Quasi-contrats

Stipulation pour autrui - Bénéficiaire - Détermination - Critères

1ère Chambre civile, 28 octobre 2003 (Bull. n° 219)

Pour demander réparation de son préjudice moral, la victime par ricochet qui n’est pas ayant-cause de la personne décédée et qui n’agit pas en qualité de cessionnaires d’obligations ou d’héritiers, ne peut pas bénéficier d’une stipulation pour autrui implicite au titre du contrat souscrit par la personne décédée de sorte que son action ne peut pas être fondée sur la responsabilité contractuelle d’une agence de voyage.

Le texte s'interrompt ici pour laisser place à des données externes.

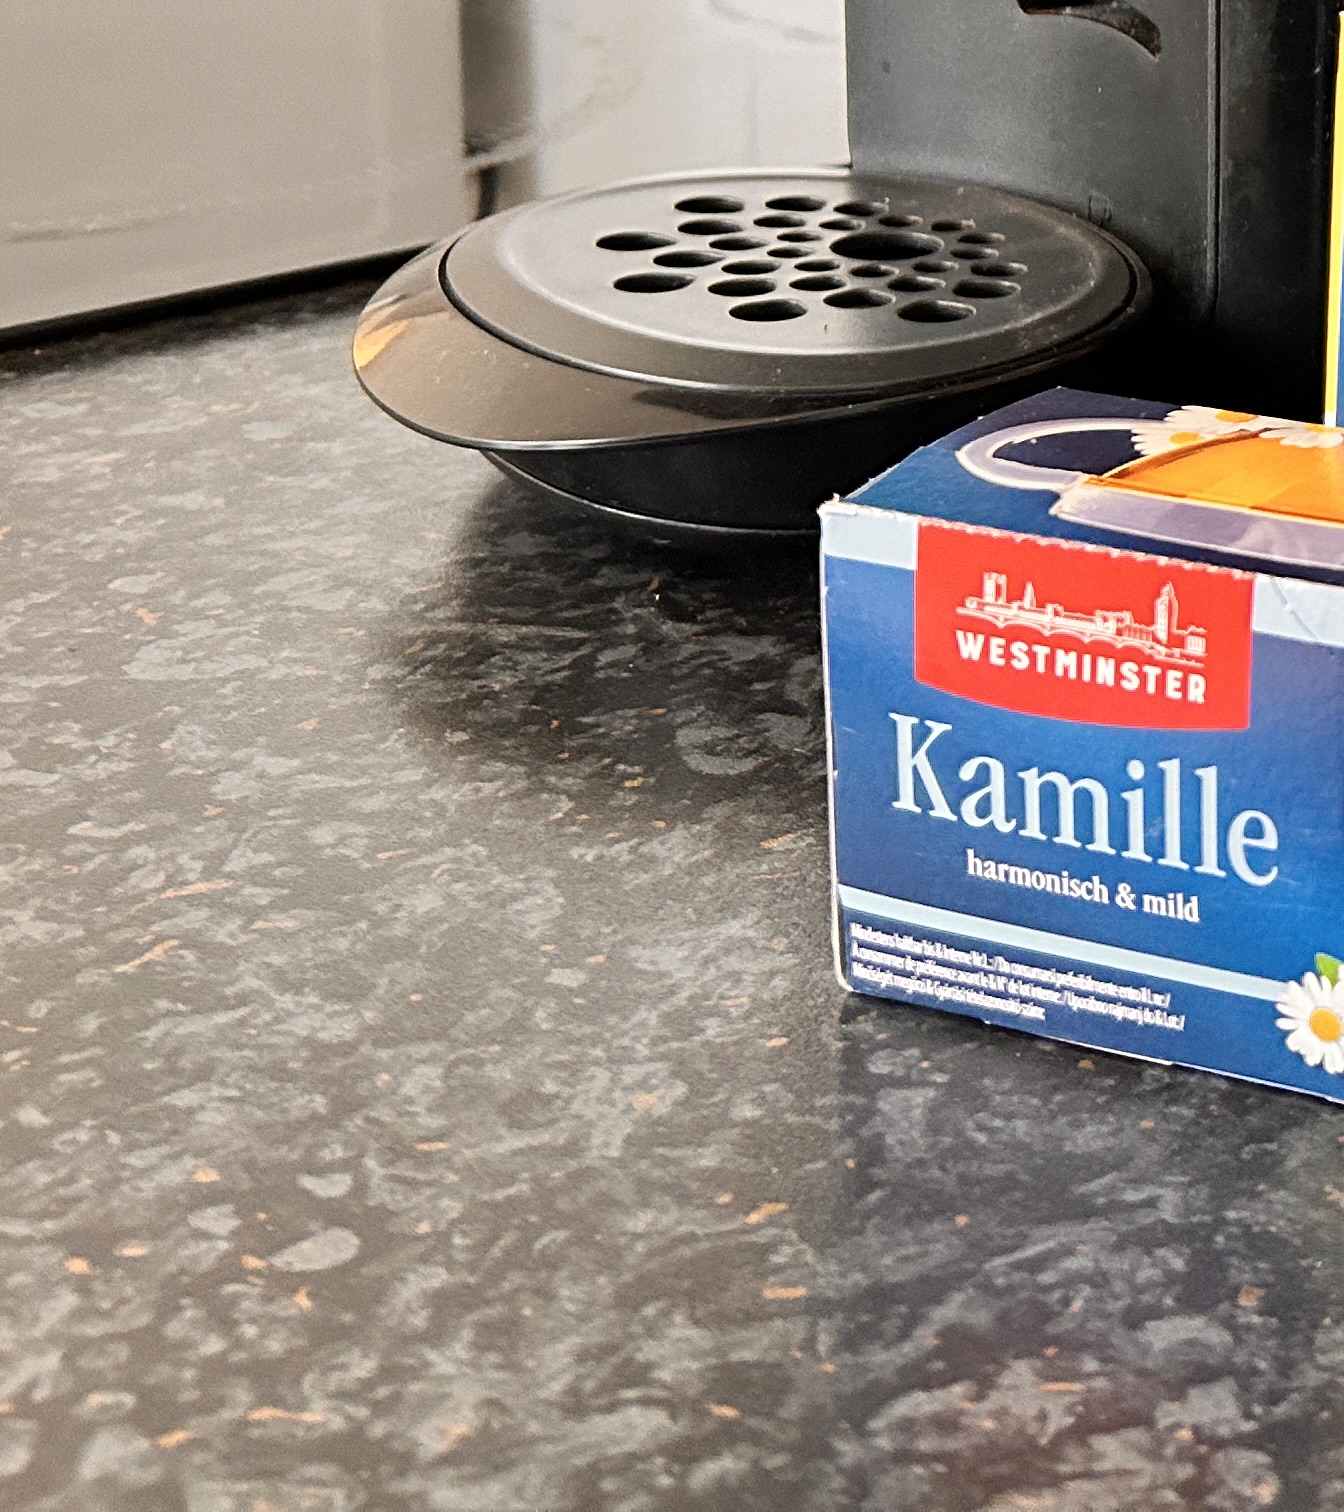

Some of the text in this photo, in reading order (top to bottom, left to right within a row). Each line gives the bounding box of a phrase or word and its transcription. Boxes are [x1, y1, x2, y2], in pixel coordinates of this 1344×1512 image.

[955, 630, 1206, 705] WESTMINSTER
[888, 712, 1279, 886] Kamille
[966, 849, 1201, 924] harmonisch & mild

Par cet arrêt, la 1ère chambre avait à répondre à la question suivante : la stipulation pour autrui implicite ou tacite peut-elle être étendue à d’autres situations contractuelles que celles déjà reconnues par la jurisprudence ?

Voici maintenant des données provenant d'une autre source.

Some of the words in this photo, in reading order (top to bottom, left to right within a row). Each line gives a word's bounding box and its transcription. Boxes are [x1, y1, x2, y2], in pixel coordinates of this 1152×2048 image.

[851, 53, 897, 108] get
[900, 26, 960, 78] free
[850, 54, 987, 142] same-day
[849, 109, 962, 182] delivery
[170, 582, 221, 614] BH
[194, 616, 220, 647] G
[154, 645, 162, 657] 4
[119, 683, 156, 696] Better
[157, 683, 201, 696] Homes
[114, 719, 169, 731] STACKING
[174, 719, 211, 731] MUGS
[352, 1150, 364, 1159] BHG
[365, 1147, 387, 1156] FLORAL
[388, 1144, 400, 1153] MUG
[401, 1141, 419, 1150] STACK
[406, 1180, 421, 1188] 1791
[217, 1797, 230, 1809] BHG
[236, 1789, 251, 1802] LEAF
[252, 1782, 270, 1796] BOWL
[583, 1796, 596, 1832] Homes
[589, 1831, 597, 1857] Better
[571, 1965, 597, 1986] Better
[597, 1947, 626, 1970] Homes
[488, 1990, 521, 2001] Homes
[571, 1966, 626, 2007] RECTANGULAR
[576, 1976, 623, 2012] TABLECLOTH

La stipulation pour autrui connaît un essor considérable au delà du texte de l’article 1121 du Code civil avec le développement de l’assurance (assurance pour compte et assurance groupe) : cf. Flour et Aubert, l’acte juridique 9 ème éd. La jurisprudence a consacré pour certains contrats l’existence d’une stipulation pour autrui implicite ou tacite, et notamment dans le contrat de transport : Civ 6 décembre 1932 ; les proches parents d’un passager tué au cours du transport peuvent ainsi se prévaloir de l’obligation de sécurité insérée au contrat.

Mais cette stipulation tacite n’est reconnue qu’au profit des personnes envers lesquelles le défunt était tenu d’un devoir d’assistance : Civ. 24 mai 1933 ; 2ème civ. 15 février 1955 ; cf Terré et Lequette, Les grands arrêts de la jurisprudence civile n° 182-184. Devait-on admettre que le seul lien d’affection existant entre la personne décédée et ses proches, indépendamment de tout lien légal ou conventionnel, pouvait justifier une présomption de stipulation pour autrui tacite ou implicite ? Certains auteurs y était favorables, estimant que la jurisprudence de la cour suprême était trop absolue et que l’on devait s’attacher seulement à une question d’intention (MM Terré et Lequette) ; beaucoup d’autres s’y opposaient, considérant que cette construction, fondée sur l’analyse d’une volonté implicite, était très artificielle.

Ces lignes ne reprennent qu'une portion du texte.